What keeps OHMSS from rising to the heights it could have are twofold.  One, the actual plot varies from Point A to Point B and a bit to A-B.  For example, the idea about bringing destruction by releasing the Omega Virus is almost secondary to the film.  We never get to see the virus tested out and the only way we know what's going on is through courtesy of Blofeld being nice enough to tell us.   The MI6 agent shadowing Bond is never given a name on-screen and in truth he seems to be doing more work than Bond is.  It's only by the thinnest and most implausible of threads that the love story between Bond and Tracy is tied to the story of Bond vs. Blofeld.

A small digression to the plot (the A-B part) is the mention of Operation Bedlam.  Bond is ostensibly removed from the operation (which is never spelled out) but he keeps getting involved in it.  Moreover, M doesn't seem to mind one bit.  How Operation Bedlam mixes with Blofeld's daring plot to eradicate whole plants by having beautiful women release the poison via his post-hypnotic suggestion stretches things to the point of farce.  Granted, I am aware the plans of criminal masterminds tend to be on the grandiose side but the whole thing seems excessively elaborate. 

Second, the film at 142 minutes is by far the longest of the Bond films so far, and it feels it.  There was an inordinately lengthy chase scene in the middle of OHMSS involving a daring ski race AND a car race that seemed to go on and on and on.  The entire sequence in the clinic with Bond bed-hopping also appeared to be a distraction from what he was suppose to be doing.  The fact that he was bonking TWO women one right after the other brought the entire concept of James Bond being able to seduce any woman almost to the point of parody (and did the entire chase involving skiing, car racing, and an avalanche). 

I'll leave how closely OHMSS came to being parody aside for the moment.  Now I'll focus on some points of logic in OHMSS.  First off, why is Bond wearing a kilt?  Minor thing perhaps, but it does seem rather odd.  Second, if we are to believe there is continuity between You Only Live Twice and On Her Majesty's Secret Service, shouldn't Blofeld recognize Bond quite easily despite his disguise?  Add to that, why does being publicly recognized as a Count be so important to Number One?  He's Number One for Heaven's sake...shouldn't he aim for something a bit higher?!  The business of Blofeld being desperate to show he's the true Count De Bleauchamp and this allowing Bond entry to his secret lair does seems rather elaborate and slightly ridiculous. 
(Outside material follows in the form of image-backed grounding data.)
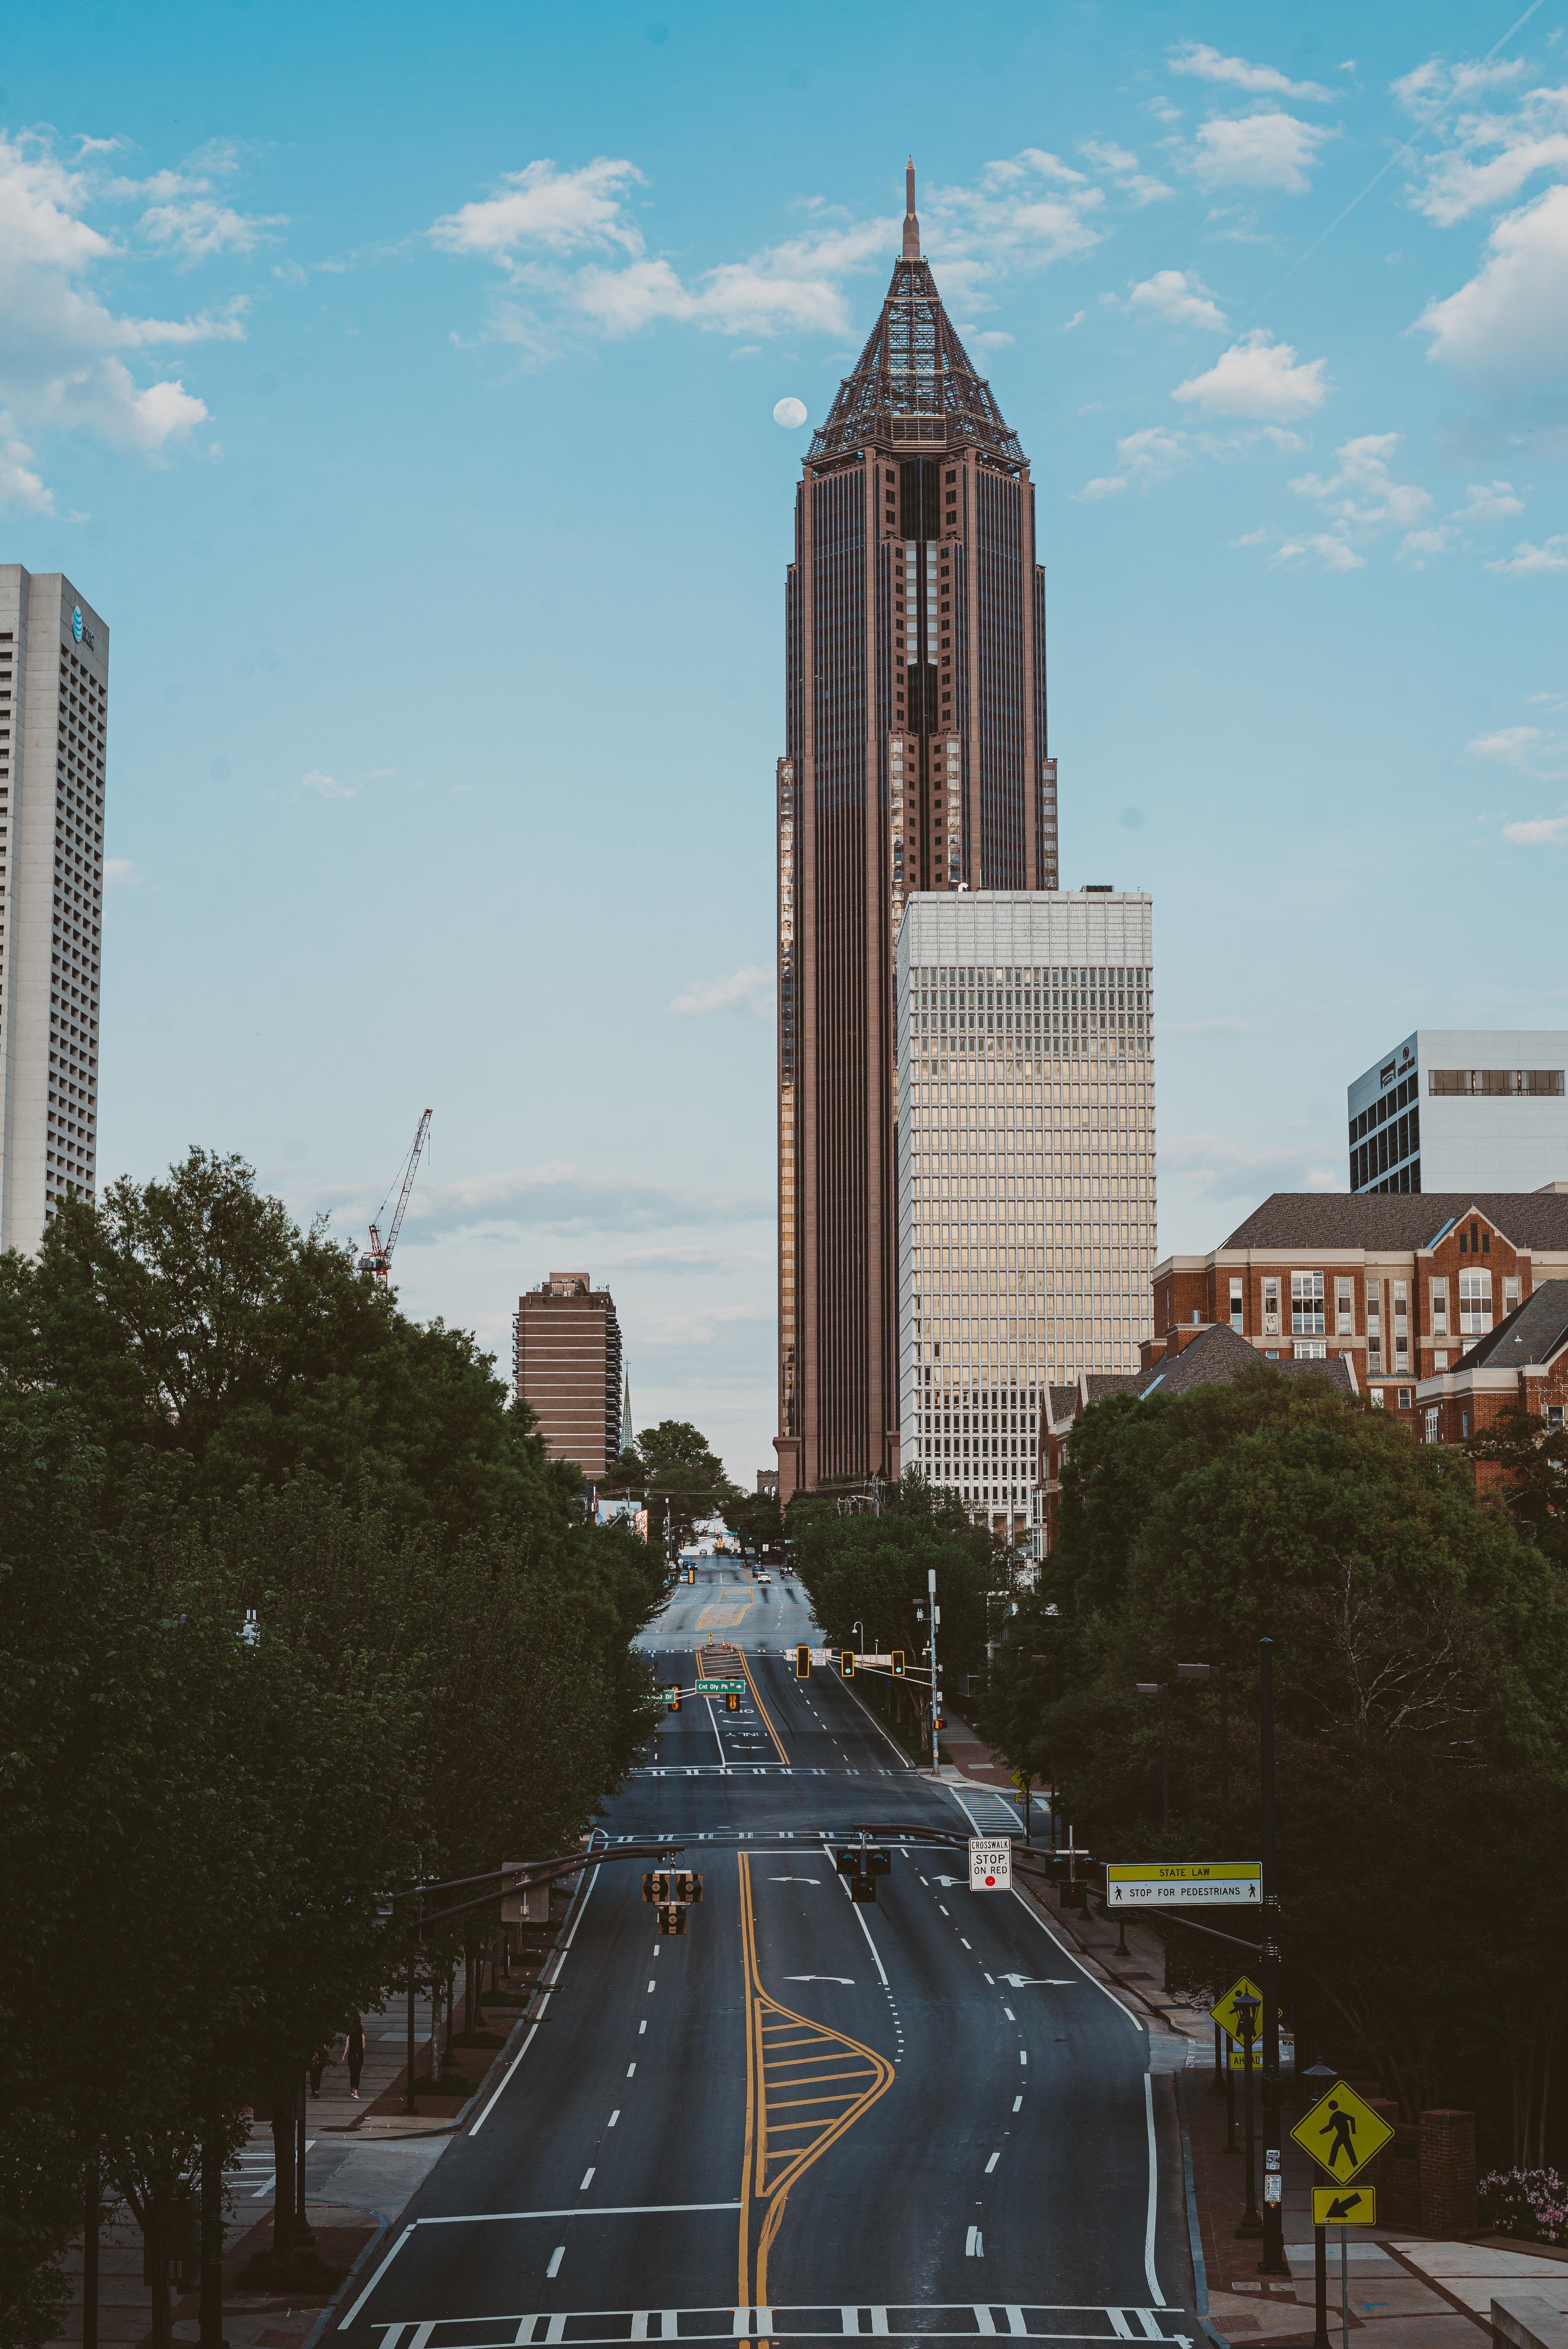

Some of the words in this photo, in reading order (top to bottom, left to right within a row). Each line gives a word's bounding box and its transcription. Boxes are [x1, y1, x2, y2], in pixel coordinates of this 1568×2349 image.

[972, 1841, 1008, 1849] CROSSWALK
[976, 1854, 1005, 1864] STOP
[1159, 1869, 1186, 1877] STATE
[1192, 1868, 1210, 1876] LAW
[1129, 1889, 1152, 1897] STOP
[1158, 1888, 1175, 1896] FOR
[1181, 1887, 1240, 1896] PEDESTRIANS
[1234, 2056, 1260, 2065] AHAD
Still, putting that aside, OHMSS has a strong positive: there is at the heart of all this a genuine love story, with Diana Rigg showcasing a range that few Bond girls past, present or future would achieve.
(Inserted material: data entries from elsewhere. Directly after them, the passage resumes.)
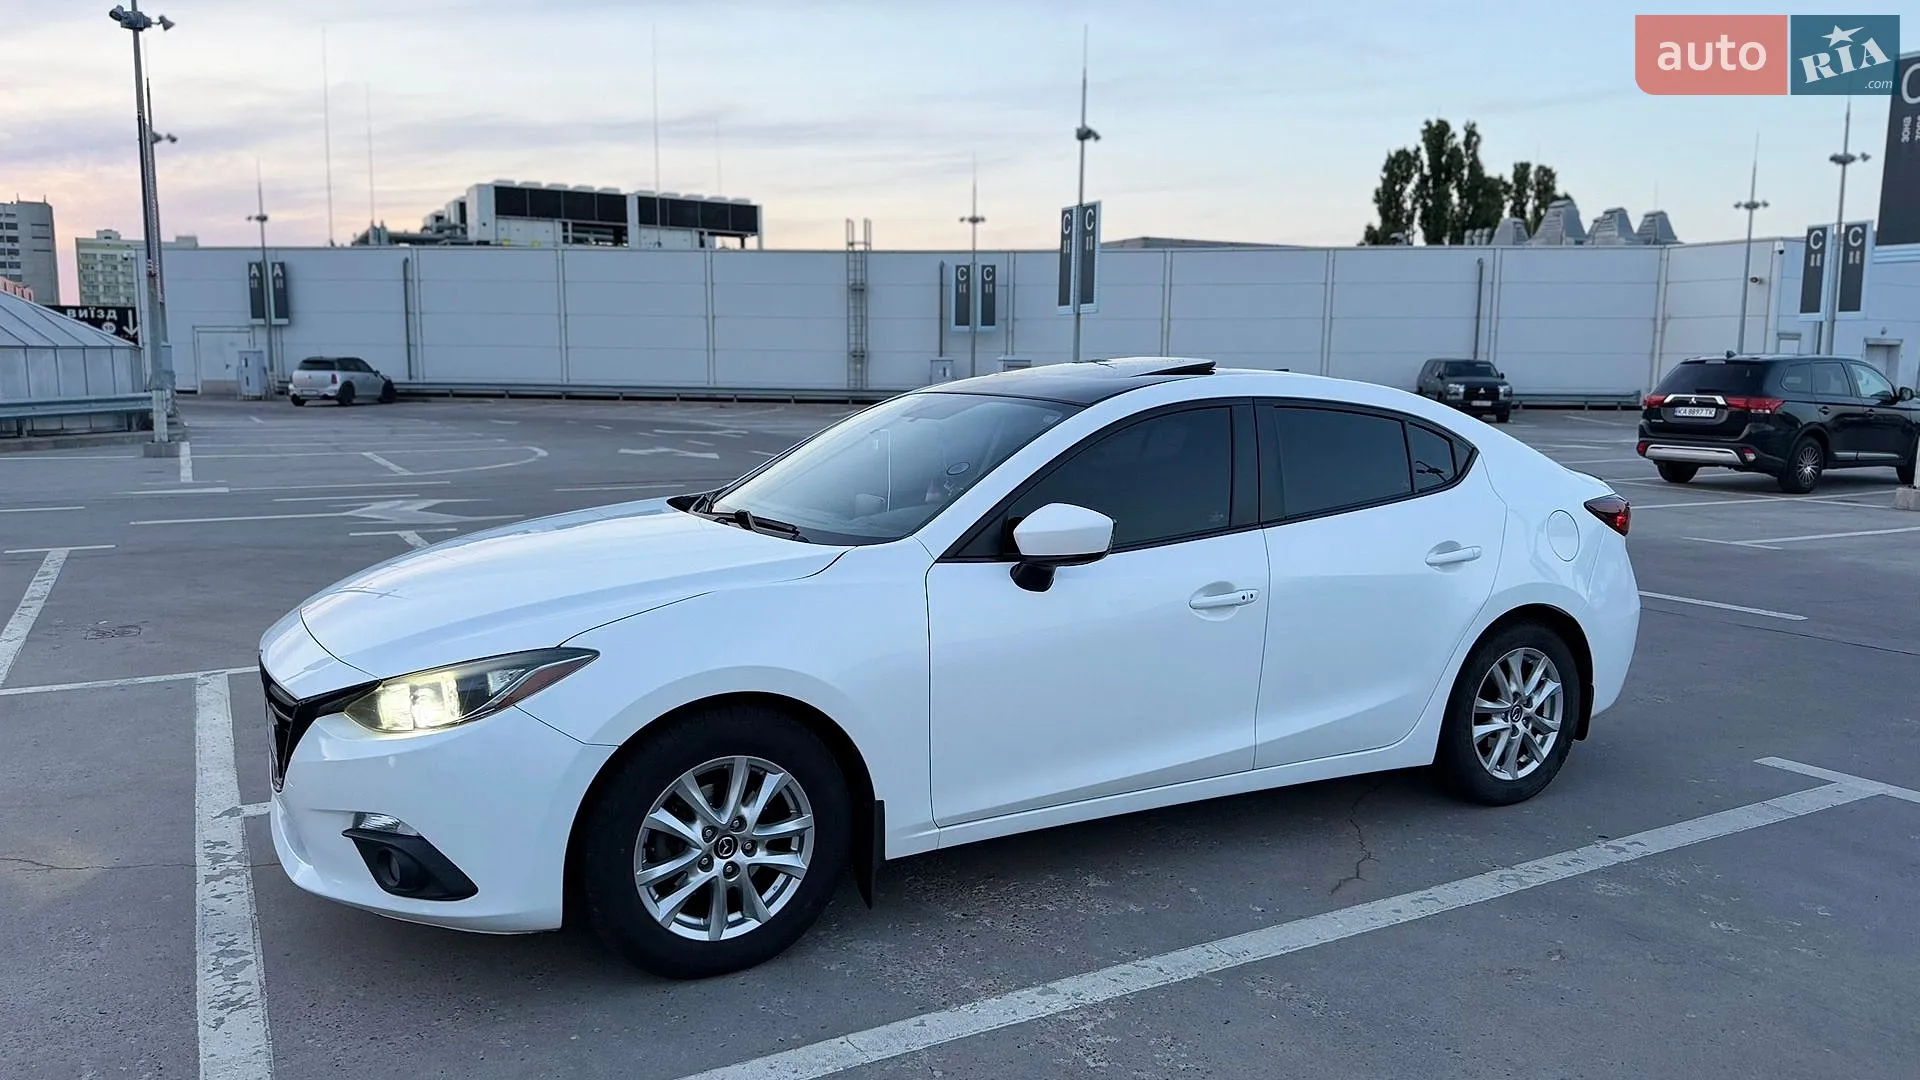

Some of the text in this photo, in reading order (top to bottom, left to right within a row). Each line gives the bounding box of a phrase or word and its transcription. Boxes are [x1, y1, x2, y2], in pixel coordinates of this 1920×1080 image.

[1063, 213, 1071, 234] C
[1086, 208, 1094, 231] C
[1810, 230, 1823, 250] C
[1848, 226, 1862, 247] C
[250, 263, 260, 277] A
[273, 263, 284, 277] A
[957, 266, 967, 281] C
[983, 266, 993, 281] C
I think a greater focus and intertwining of the two stories (Bond's romance with Tracy and Bond stopping Blofeld from destroying the world), along with a more experienced actor than George Lazenby would have made On Her Majesty's Secret Service one of the top Bond films.   I also think a major trimming of the film would have improved it.  Finally, a real James Bond theme song would have worked.  Why the decision was made to have just an instrumental theme at the opening rather than a proper song is a puzzle to me.  From what I heard, We Have All The Time In the World would have made a beautiful opening title song.  A slight complaint, perhaps, but one I have nonetheless.

However, there is enough in On Her Majesty's Secret Service to think that the film mostly succeeded in telling an interesting story with heart.  You might need all the time in the world to get through On Her Majesty's Secret Service, and put aside the fact that Lazenby was perhaps not the best choice for the role as 007, but the film is a credit to The Queen's Man.